Bild: Haben sich den Schritt hoffentlich gut überlegt: Heiratskandidaten mit Z…
HANNOVER taz | "Wurster Nordseeküste", so soll die neue niedersächsische
Gemeinde heißen, die die Gemeinden Land Wursten und Nordholz ab 2014 bilden
werden. Selbst ein Bürgerbegehren konnte die Fusion nicht verhindern:
Montag wurde sie mit einem sogenannten Zukunftsvertrag besiegelt. Gleich
vier solcher Verträge schließt Niedersachsens Innenminister Uwe Schünemann
(CDU) in dieser Woche mit klammen Kreisen und Gemeinden ab.

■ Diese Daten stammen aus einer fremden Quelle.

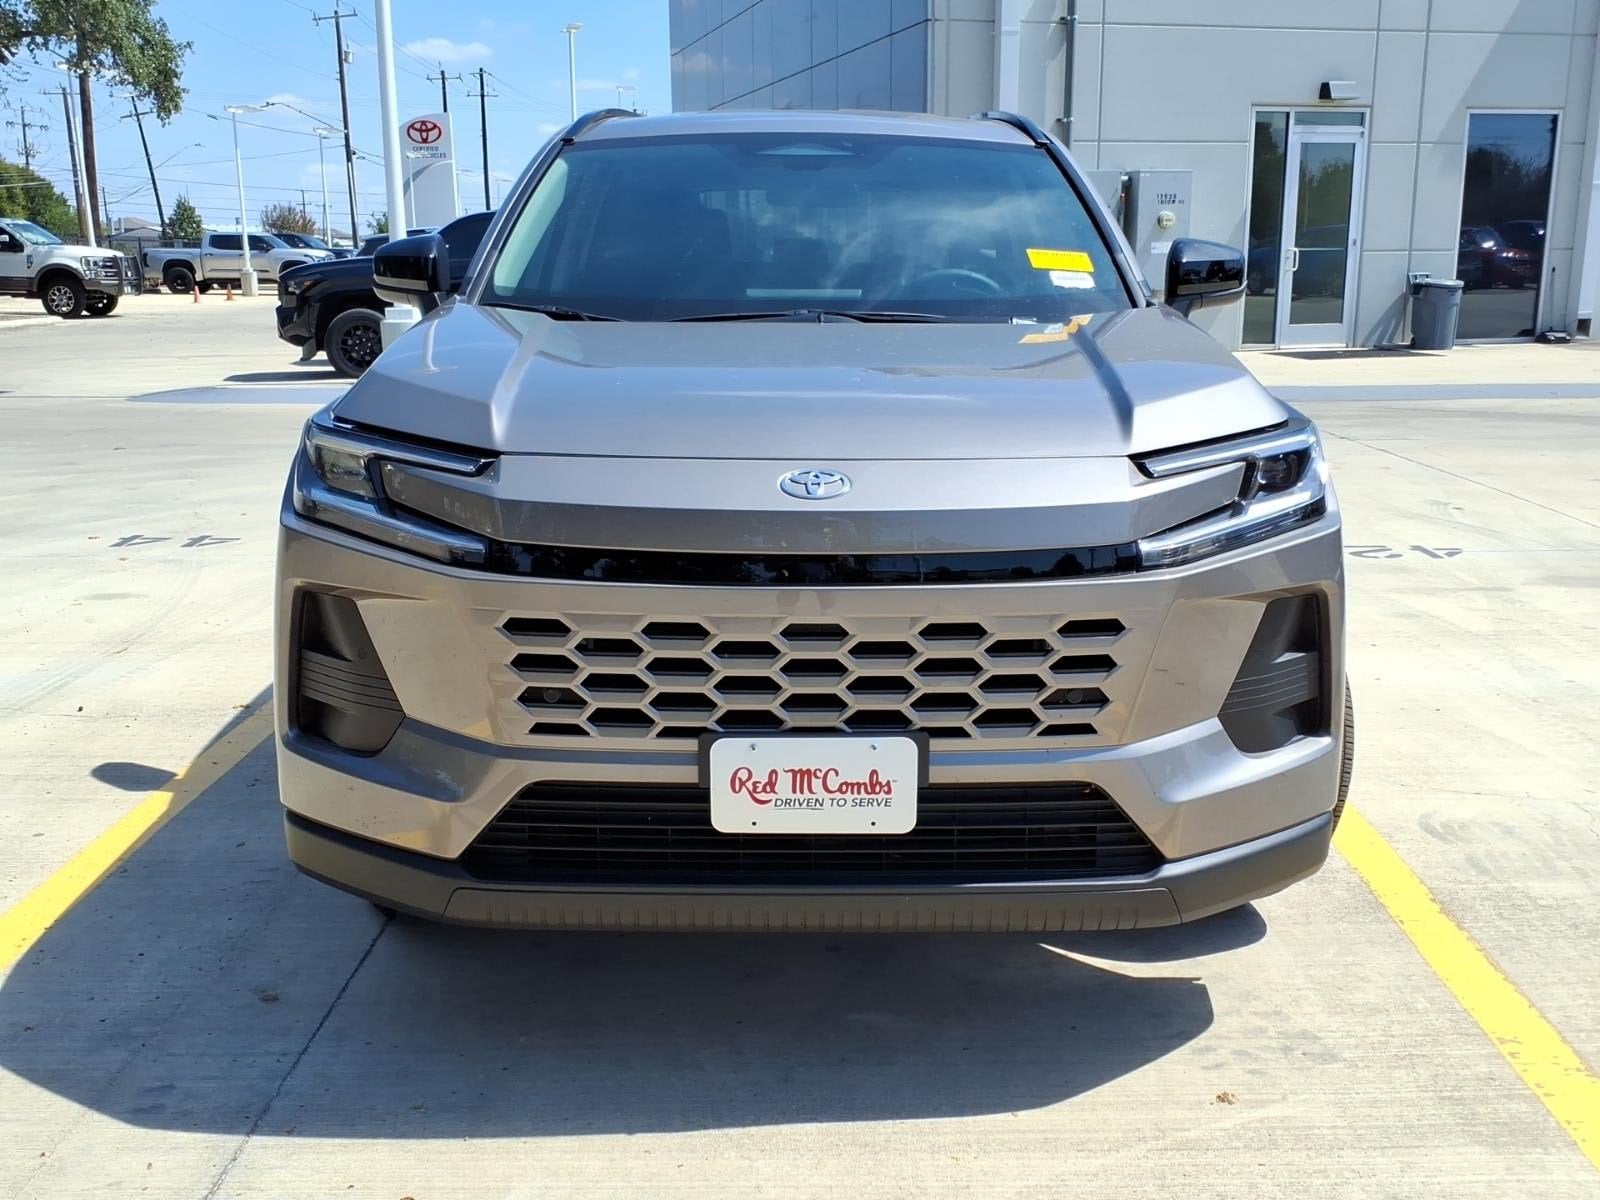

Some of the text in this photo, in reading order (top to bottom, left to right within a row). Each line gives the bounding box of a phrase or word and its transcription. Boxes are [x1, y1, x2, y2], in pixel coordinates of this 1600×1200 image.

[730, 766, 892, 805] Red McCombs
[774, 798, 892, 808] DRIVEN TO SERVE

Schon 2009 haben Land und kommunale Spitzenverbände die Einführung der
Zukunftsverträge beschlossen: Bei einer Fusion übernimmt Niedersachsen bis
zu 75 Prozent der kurzfristig aufgenommenen Kredite quasi als
Hochzeitsprämie. Ende Oktober sollte die Bewerbungsfrist der Kommunen für
einen Zukunftsvertrag ursprünglich enden, im Sommer wurde sie bis Ende März
2013 verlängert. 70 Millionen Euro stellen Land und Kommunen dafür ab 2012
jährlich bereit.
21 Zukunftsverträge und Entschuldungshilfen über insgesamt knapp 300
Millionen Euro sind bislang beschlossen. Gespräche über Zukunftsverträge
führt das Innenministerium nach eigenen Angaben mit über 100 Kommunen.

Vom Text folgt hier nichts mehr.